◆ DATA FOR THIS TASK

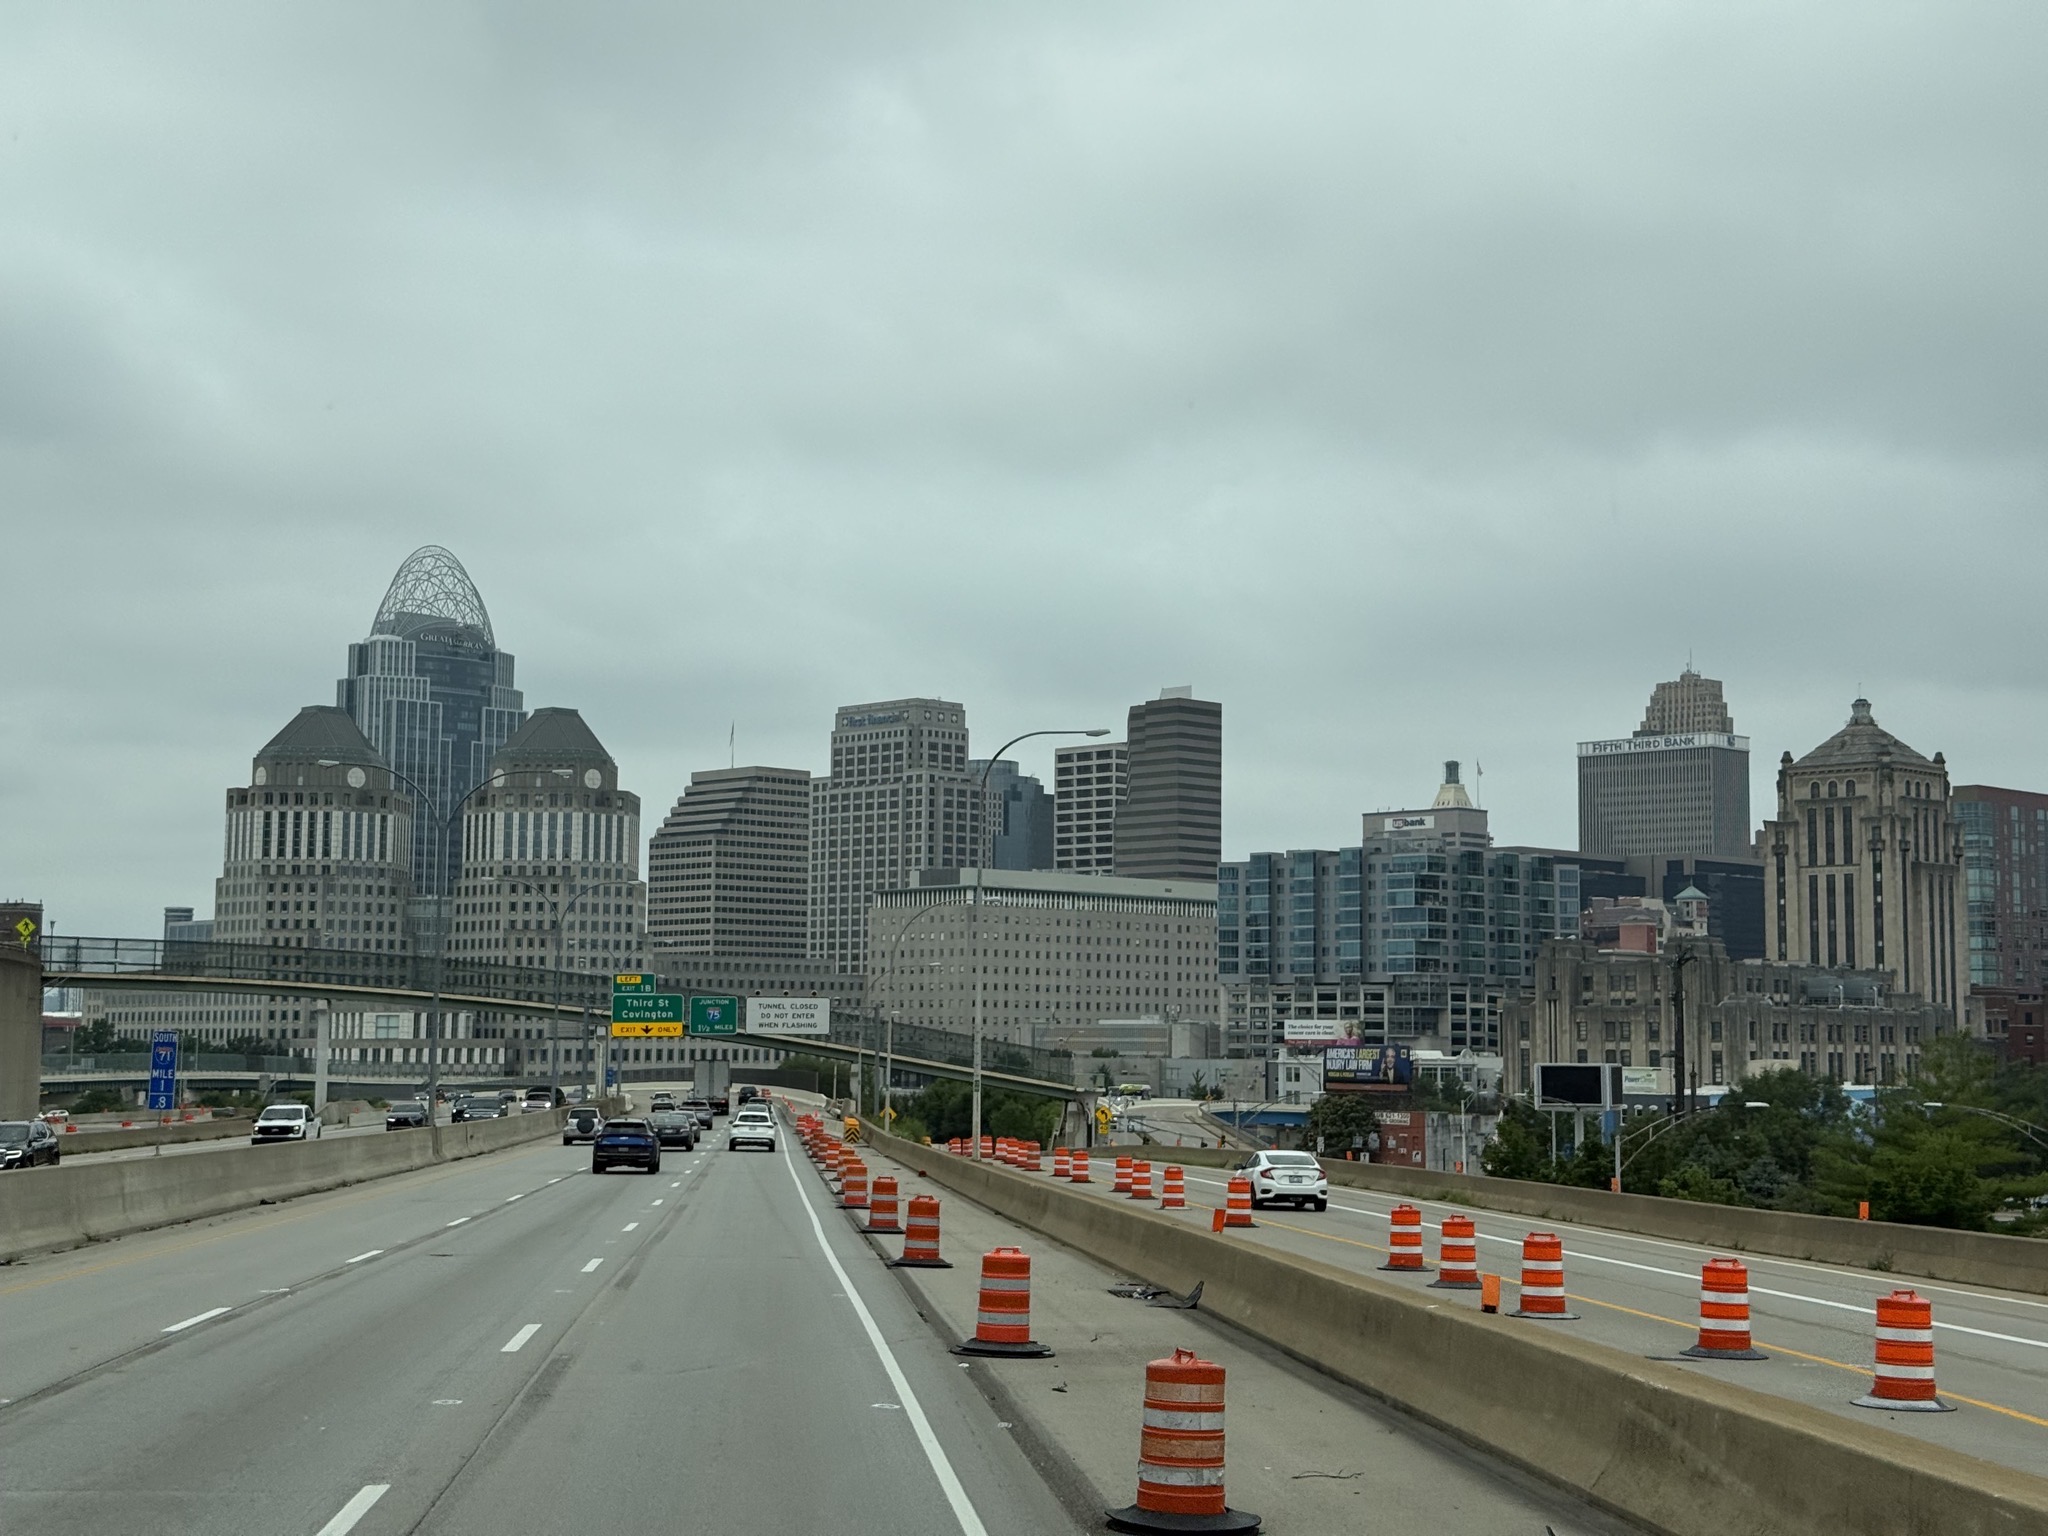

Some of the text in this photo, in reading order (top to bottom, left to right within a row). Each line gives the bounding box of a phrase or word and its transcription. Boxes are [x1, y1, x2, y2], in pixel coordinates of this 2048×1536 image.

[640, 984, 652, 992] 1B
[626, 999, 669, 1007] Third St
[622, 1010, 674, 1020] Covington
[708, 1010, 720, 1020] 75
[154, 1032, 177, 1042] SOUTH
[158, 1050, 171, 1061] 71
[152, 1069, 174, 1079] MILE
[160, 1079, 165, 1092] 1

◆ WORK ITEM
Write out every line above again exactly, with the pictures left out.

◆ FINISHED EXERCISE
Some of the text in this photo, in reading order (top to bottom, left to right within a row). Each line gives the bounding box of a phrase or word and its transcription. Boxes are [x1, y1, x2, y2], in pixel coordinates of this 2048×1536 image.

[640, 984, 652, 992] 1B
[626, 999, 669, 1007] Third St
[622, 1010, 674, 1020] Covington
[708, 1010, 720, 1020] 75
[154, 1032, 177, 1042] SOUTH
[158, 1050, 171, 1061] 71
[152, 1069, 174, 1079] MILE
[160, 1079, 165, 1092] 1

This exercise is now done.